FILE – This file photo provided by the National Institute for Allergy and Infectious Diseases shows a colorized transmission of the MERS coronavirus that emerged in 2012. Health officials on Friday, May 2, 2014 said the deadly virus from the Middle East has turned up for the first time in the U.S. (AP Photo/National Institute for Allergy and Infectious Diseases via The Canadian Press, File)
In his first inaugural address, President Franklin D. Roosevelt uttered the famous words “the only thing we have to fear is fear itself.” Truer words were never spoken. The problem with fear, FDR explained, is that it “paralyzes needed efforts to convert retreat into advance.”
FDR understood the power of fear – that it can strip us of hope and take away our defenses. When fear is removed, and replaced by perspective and clear thinking, solutions are revealed and action can be taken. Essentially, the President was telling Americans to calm down and pull themselves together.
The Wall Street Journal’s Holman Jenkins, Jr. reminds us that, “In the U.S., influenza infects upward of 29 million a year, yet less than half of us bother to get a flu vaccine. We don’t wash our hands or take other precautions religiously, though we may do so now under bombardment of coronavirus warnings.”
Jenkins is not saying the coronavirus isn’t a threat. He is injecting some truth into the conversation. As the flu season approaches, Americans take precautions. Some get a flu shot, we wash our hands more often and stay home (self-quarantine) when we’re sick.
The CDC estimates that, on average, 56,000 people die from the flu or flu-like illness each year. Yet, as Jenkins writes, more than 29 million contract it. I would imagine those who actually die from the flu had underlying health issues to begin with. For most people who contract the coronavirus, it will present as a mild flu or cold.
On Saturday, a resident of Washington state became the first person in the U.S. to die from the coronavirus. This man was in his 50s and was said to be a “high risk patient.”

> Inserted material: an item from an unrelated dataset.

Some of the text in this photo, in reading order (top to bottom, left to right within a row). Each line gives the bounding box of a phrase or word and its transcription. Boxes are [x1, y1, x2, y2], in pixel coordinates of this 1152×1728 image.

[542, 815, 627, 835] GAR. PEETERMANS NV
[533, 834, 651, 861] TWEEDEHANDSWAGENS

The coronavirus poses more of a challenge than the regular flu in that it has a longer incubation period. First thought to be 14 days, I’ve heard estimates that it can be as long as 27 days. Additionally, the coronavirus can be transmitted even when a person exhibits no symptoms.
It is a serious issue and should be treated as one. But it should not be portrayed as if a positive diagnosis were a death sentence.

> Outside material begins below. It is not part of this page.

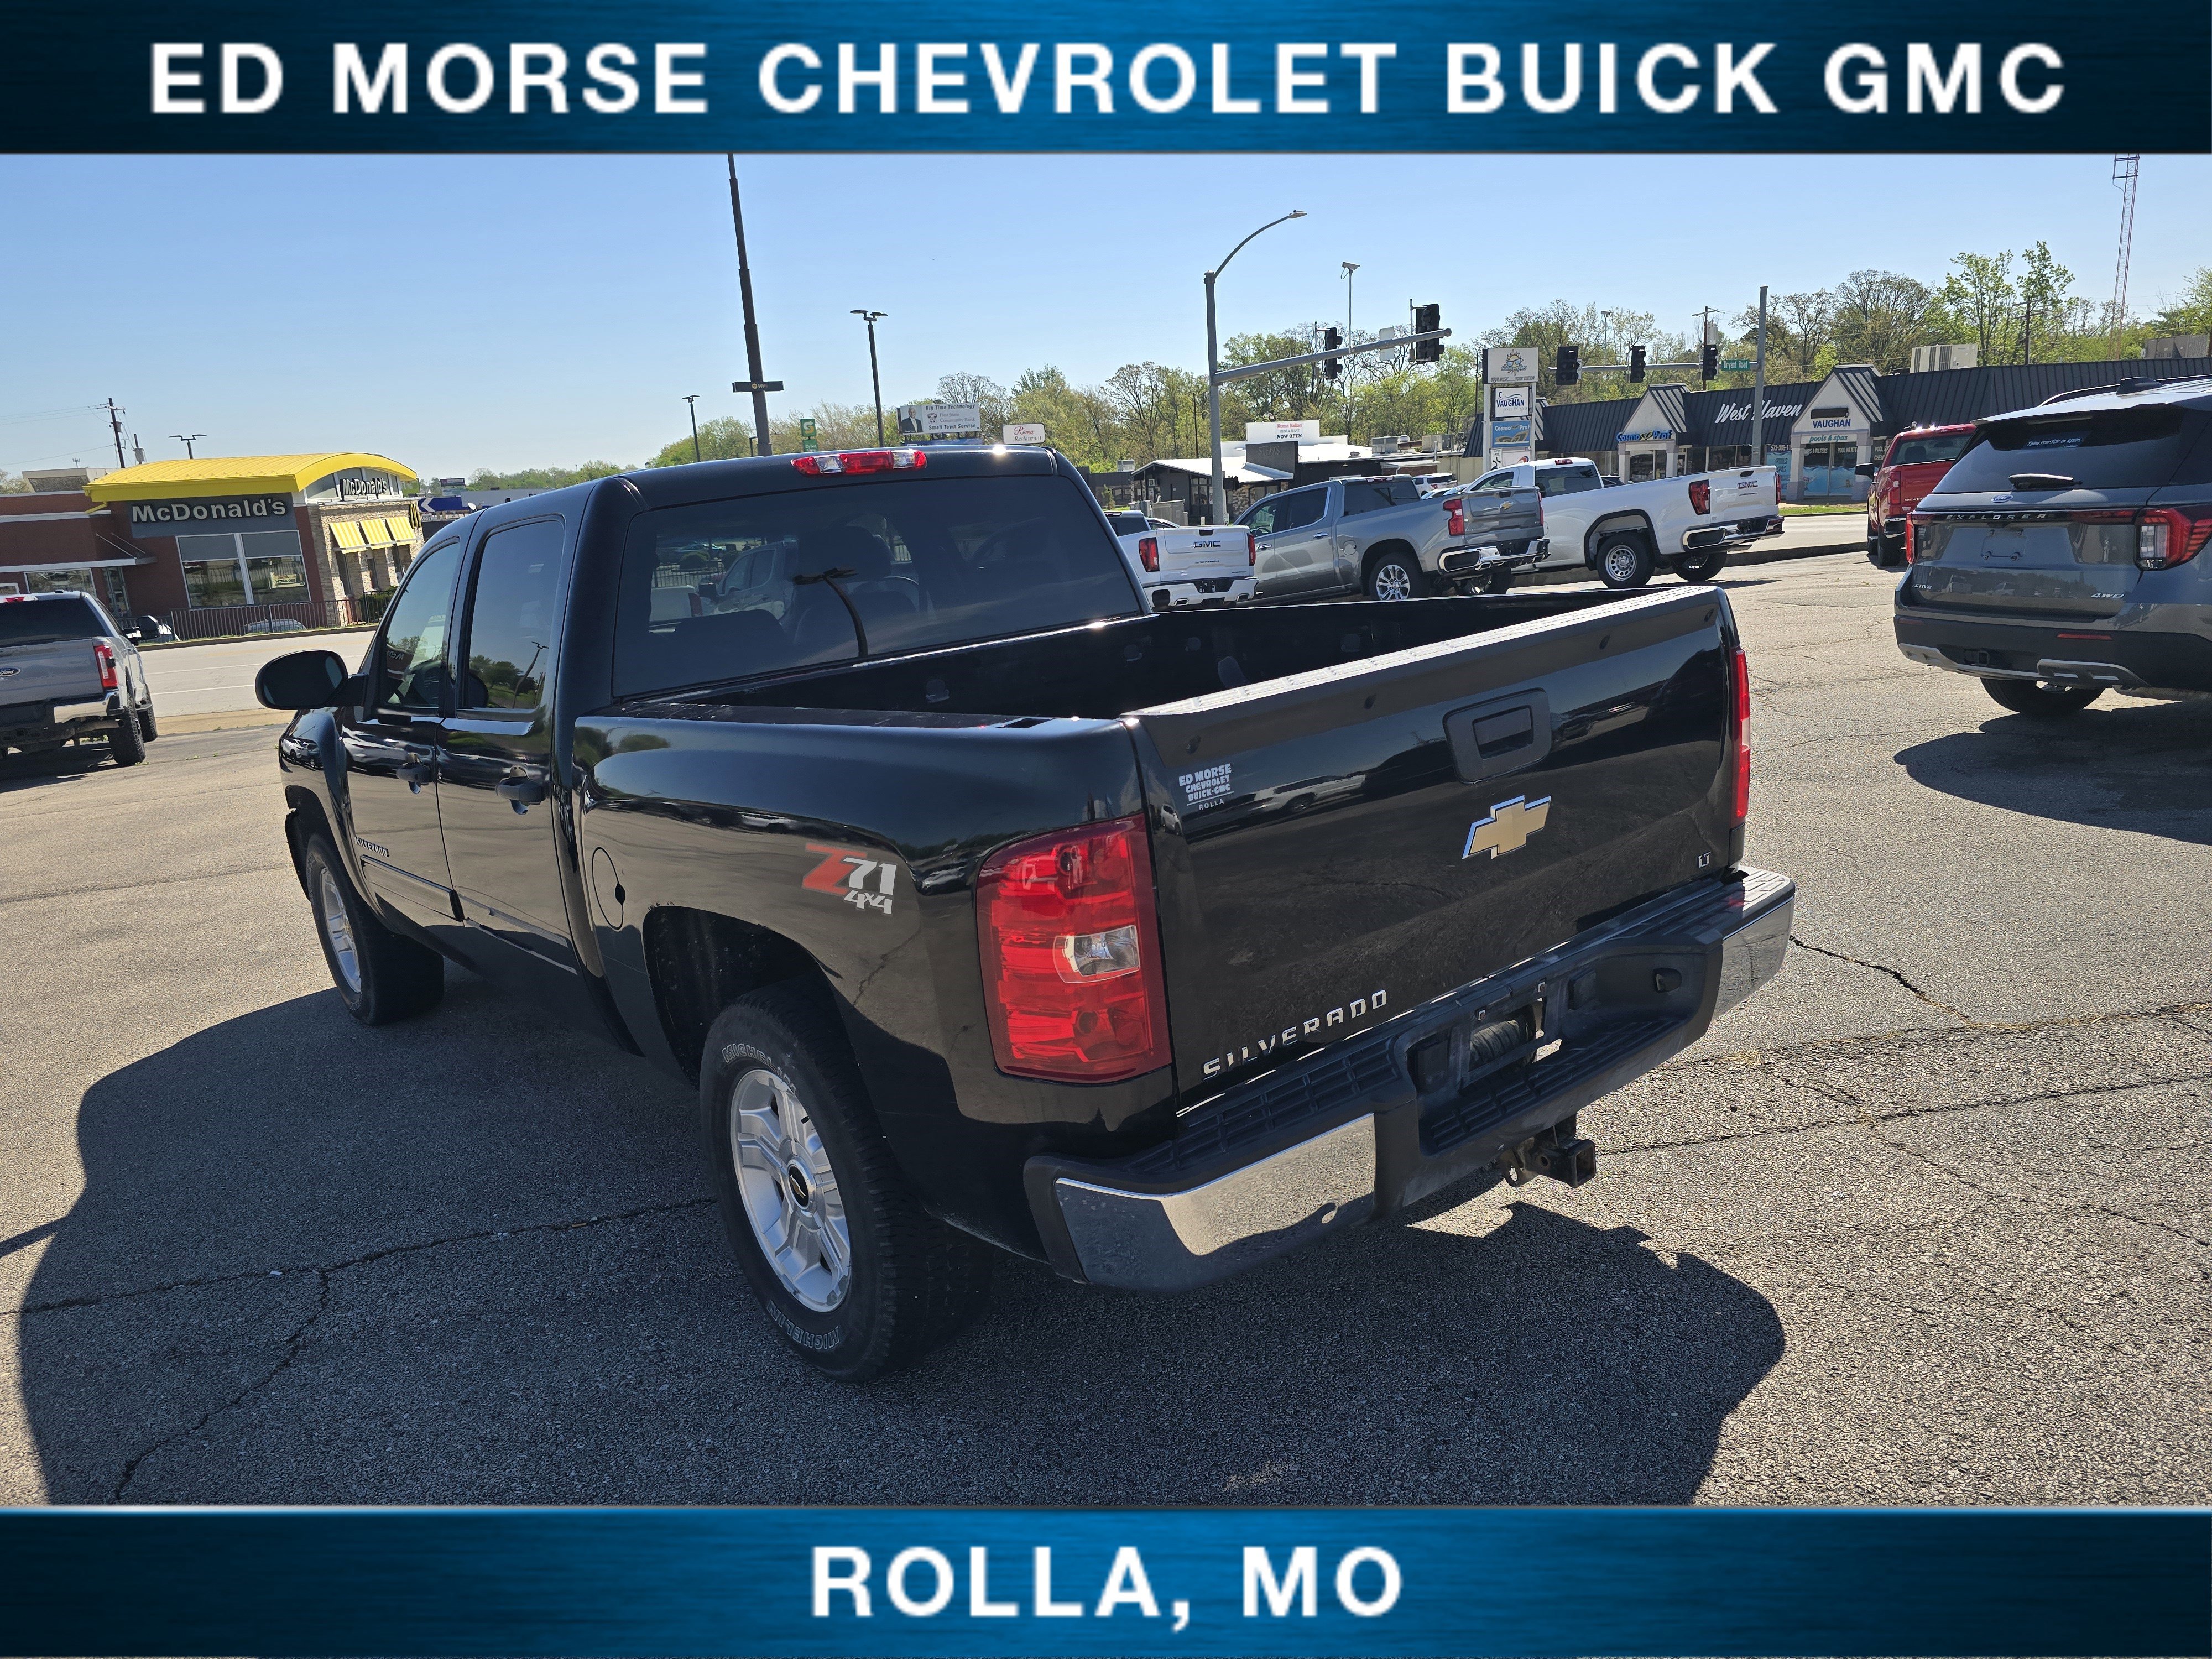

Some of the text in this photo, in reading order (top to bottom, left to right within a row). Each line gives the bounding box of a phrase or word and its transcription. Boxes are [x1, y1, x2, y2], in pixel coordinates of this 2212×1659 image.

There was more to FDR’s quote and it might help Americans to hear those words today as fear of the coronavirus sweeps across the globe. “In every dark hour of our national life, a leadership of frankness and of vigor has met with that understanding and support of the people themselves which is essential to victory. And I am convinced that you will again give that support to leadership in these critical days.”
The majority of Americans may have been happy to give their support to FDR in the dark days of the Great Depression, but in the age of Trump, a large swath of Americans refuses to do so. Moreover, and this is the most damaging aspect of all, Democratic politicians and their publicists, the main stream media, have criticized every word and deed the President has said or done to address the situation. If President Trump makes a statement, he is excoriated. If a Democratic politicians says the same thing, it is perfectly acceptable.

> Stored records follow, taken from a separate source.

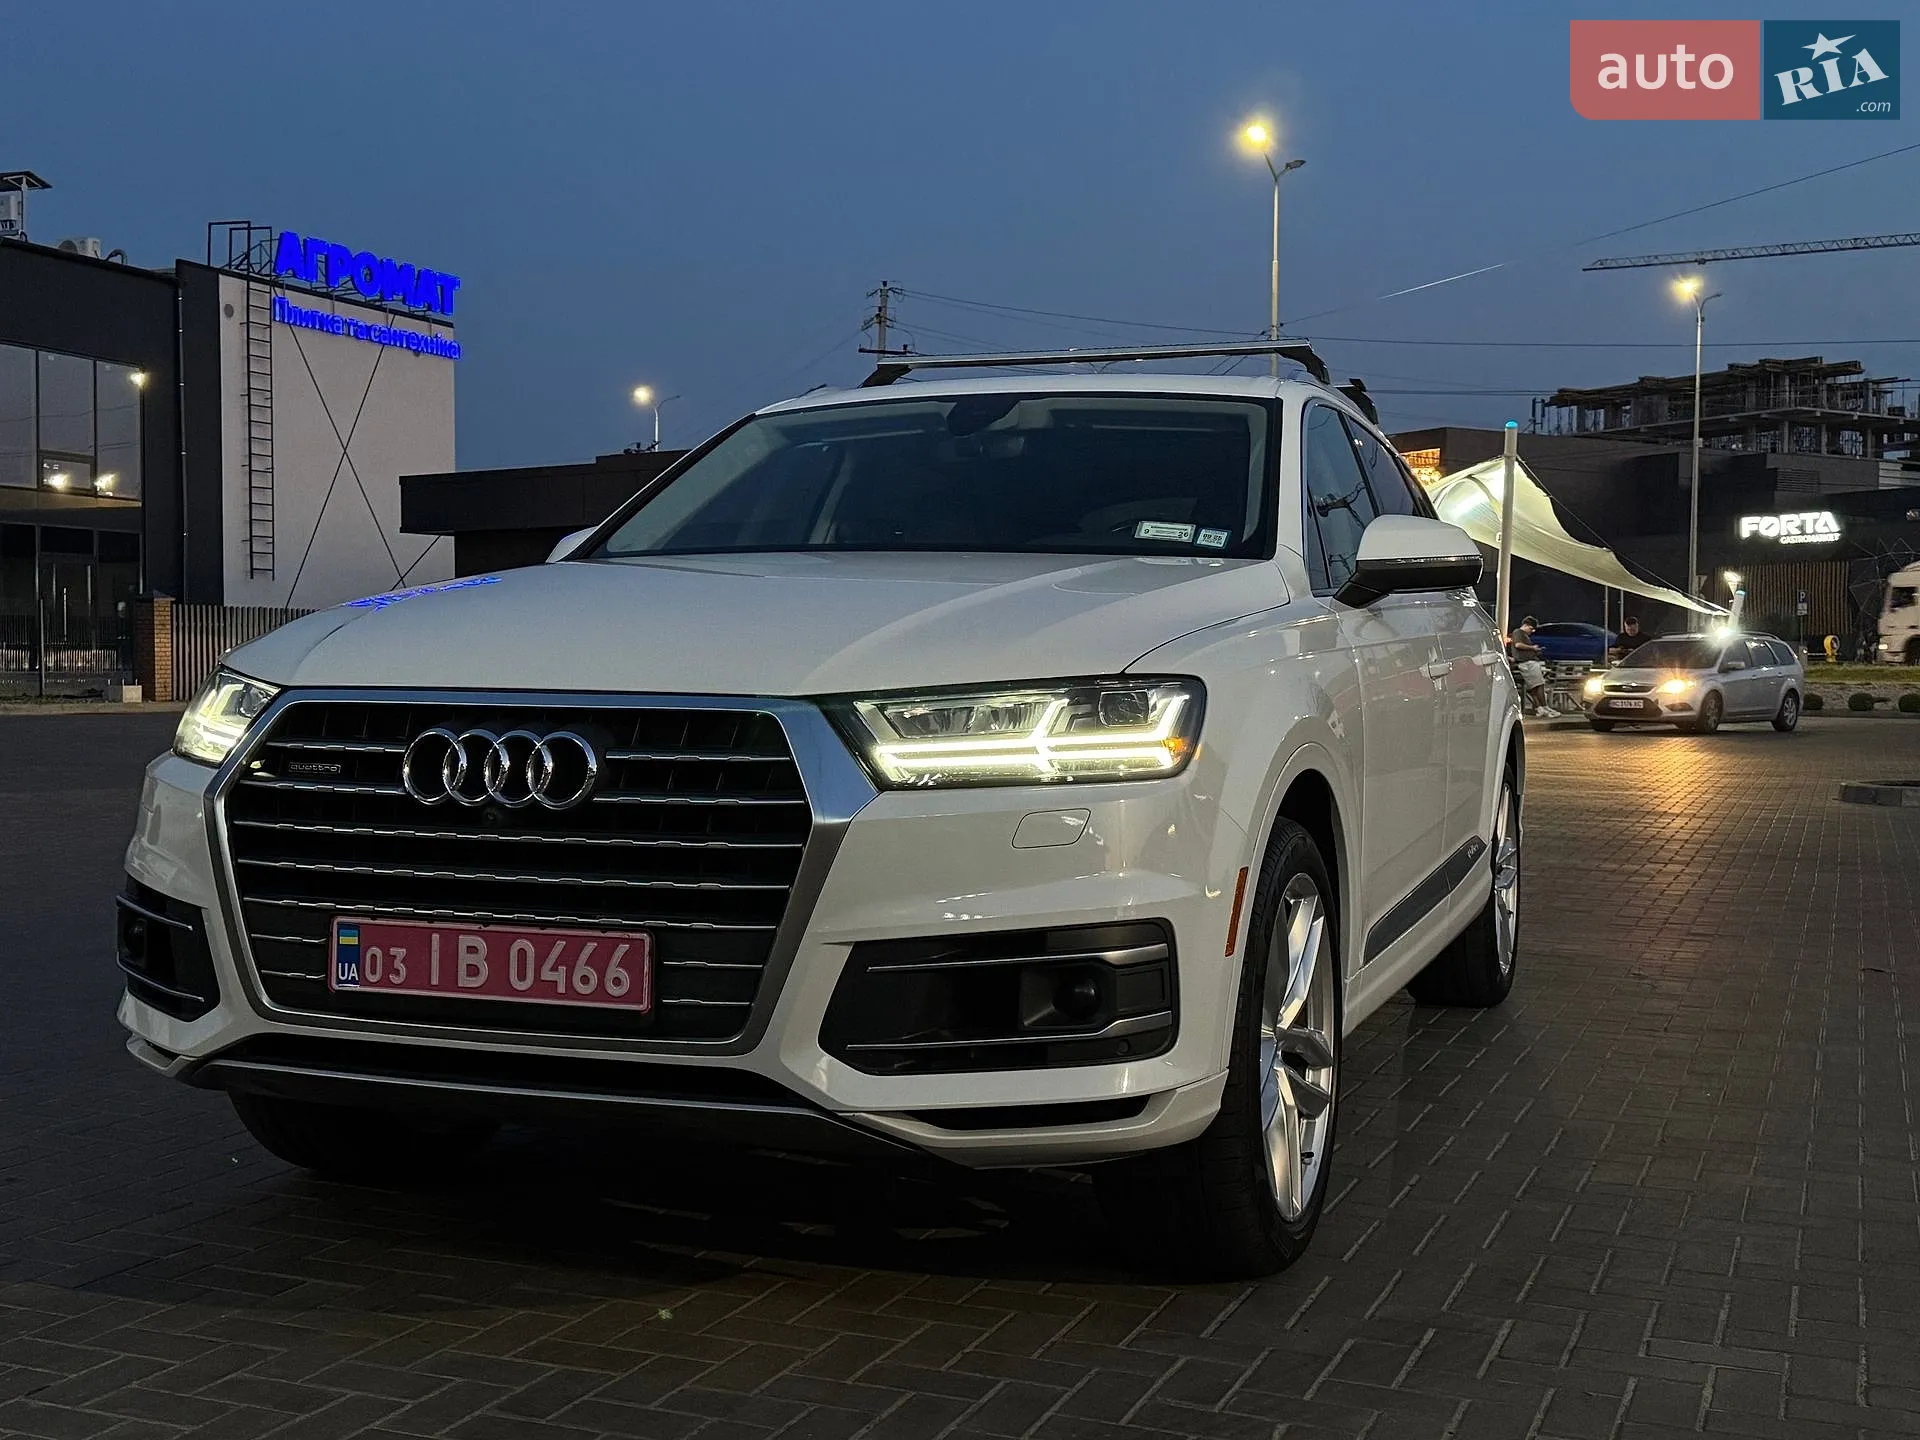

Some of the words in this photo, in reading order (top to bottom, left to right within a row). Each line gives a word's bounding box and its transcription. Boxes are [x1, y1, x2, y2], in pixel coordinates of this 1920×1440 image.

[273, 231, 461, 316] АГРОМАТ
[273, 296, 344, 336] Плитка
[345, 317, 369, 341] та
[370, 322, 461, 360] сантехніка
[338, 962, 359, 981] UA
[364, 946, 408, 985] 03
[508, 938, 631, 998] 0466

Jenkins cites a recent example:
When President Trump said at his press conference Wednesday that the disease might or might not become a big deal, he was faithfully encompassing the scientific possibilities. The press shrieked that he was misleading the public, never mind that New York Mayor Bill de Blasio was saying exactly the same thing. “We can really keep this thing contained,” he said at his own press briefing on Wednesday, and if a serious outbreak should occur, “we’ve got a long time to ramp up if we ever had anything like that.”
Ditto the governor of California, also a Democrat, whose state may have identified the first truly domestic case. He said one day after the president spoke: “This is not our first great challenge as it relates to public health. . . . These protocols have been perfected.”
The truth is that the Trump administration has handled the crisis very well. His early decision to impose travel restrictions was denounced by the left. ‘Trump is a racist,’ they cried. But it turned out to be a pretty smart move. Rather than stoking fear, the President has tried to dispel it. This is what leaders should do.
At a time when the best candidates the Democrats can offer have little chance of defeating President Trump in November, they’ve exploited Americans’ fears of the coronavirus and they’re using this as a political weapon. I suppose one could say that FDR was playing on Americans’ economic fears to facilitate his ambitious domestic agenda, but he wasn’t trying to incite a panic. He was trying to give them courage.
The point of all this is, if we can take fear out of the equation, the coronavirus, rather than being the apocalypse, is a manageable problem that America is well-equipped to handle.